------ Material provided ------

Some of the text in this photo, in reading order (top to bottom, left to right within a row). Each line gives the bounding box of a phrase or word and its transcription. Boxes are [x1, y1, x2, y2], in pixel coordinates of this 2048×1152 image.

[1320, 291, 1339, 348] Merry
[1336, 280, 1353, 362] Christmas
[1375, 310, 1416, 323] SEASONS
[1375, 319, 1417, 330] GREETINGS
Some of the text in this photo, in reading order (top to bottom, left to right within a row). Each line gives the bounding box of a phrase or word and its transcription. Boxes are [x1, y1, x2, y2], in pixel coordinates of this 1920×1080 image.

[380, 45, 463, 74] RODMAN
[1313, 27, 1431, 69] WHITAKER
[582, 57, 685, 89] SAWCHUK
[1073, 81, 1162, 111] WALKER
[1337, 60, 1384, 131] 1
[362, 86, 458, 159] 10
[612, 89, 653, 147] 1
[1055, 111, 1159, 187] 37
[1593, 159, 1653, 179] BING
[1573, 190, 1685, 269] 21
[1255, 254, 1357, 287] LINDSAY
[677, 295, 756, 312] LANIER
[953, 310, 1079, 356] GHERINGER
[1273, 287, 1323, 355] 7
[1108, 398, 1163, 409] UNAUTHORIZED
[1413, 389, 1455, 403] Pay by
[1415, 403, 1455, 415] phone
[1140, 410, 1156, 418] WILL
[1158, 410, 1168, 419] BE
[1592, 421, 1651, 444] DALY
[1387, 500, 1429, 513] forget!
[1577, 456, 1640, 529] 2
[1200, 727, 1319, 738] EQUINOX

------

▶ **Task instructions**:
Your task is to copy all of the entries exactly.

▶ **Task output**:
Some of the text in this photo, in reading order (top to bottom, left to right within a row). Each line gives the bounding box of a phrase or word and its transcription. Boxes are [x1, y1, x2, y2], in pixel coordinates of this 2048×1152 image.

[1320, 291, 1339, 348] Merry
[1336, 280, 1353, 362] Christmas
[1375, 310, 1416, 323] SEASONS
[1375, 319, 1417, 330] GREETINGS
Some of the text in this photo, in reading order (top to bottom, left to right within a row). Each line gives the bounding box of a phrase or word and its transcription. Boxes are [x1, y1, x2, y2], in pixel coordinates of this 1920×1080 image.

[380, 45, 463, 74] RODMAN
[1313, 27, 1431, 69] WHITAKER
[582, 57, 685, 89] SAWCHUK
[1073, 81, 1162, 111] WALKER
[1337, 60, 1384, 131] 1
[362, 86, 458, 159] 10
[612, 89, 653, 147] 1
[1055, 111, 1159, 187] 37
[1593, 159, 1653, 179] BING
[1573, 190, 1685, 269] 21
[1255, 254, 1357, 287] LINDSAY
[677, 295, 756, 312] LANIER
[953, 310, 1079, 356] GHERINGER
[1273, 287, 1323, 355] 7
[1108, 398, 1163, 409] UNAUTHORIZED
[1413, 389, 1455, 403] Pay by
[1415, 403, 1455, 415] phone
[1140, 410, 1156, 418] WILL
[1158, 410, 1168, 419] BE
[1592, 421, 1651, 444] DALY
[1387, 500, 1429, 513] forget!
[1577, 456, 1640, 529] 2
[1200, 727, 1319, 738] EQUINOX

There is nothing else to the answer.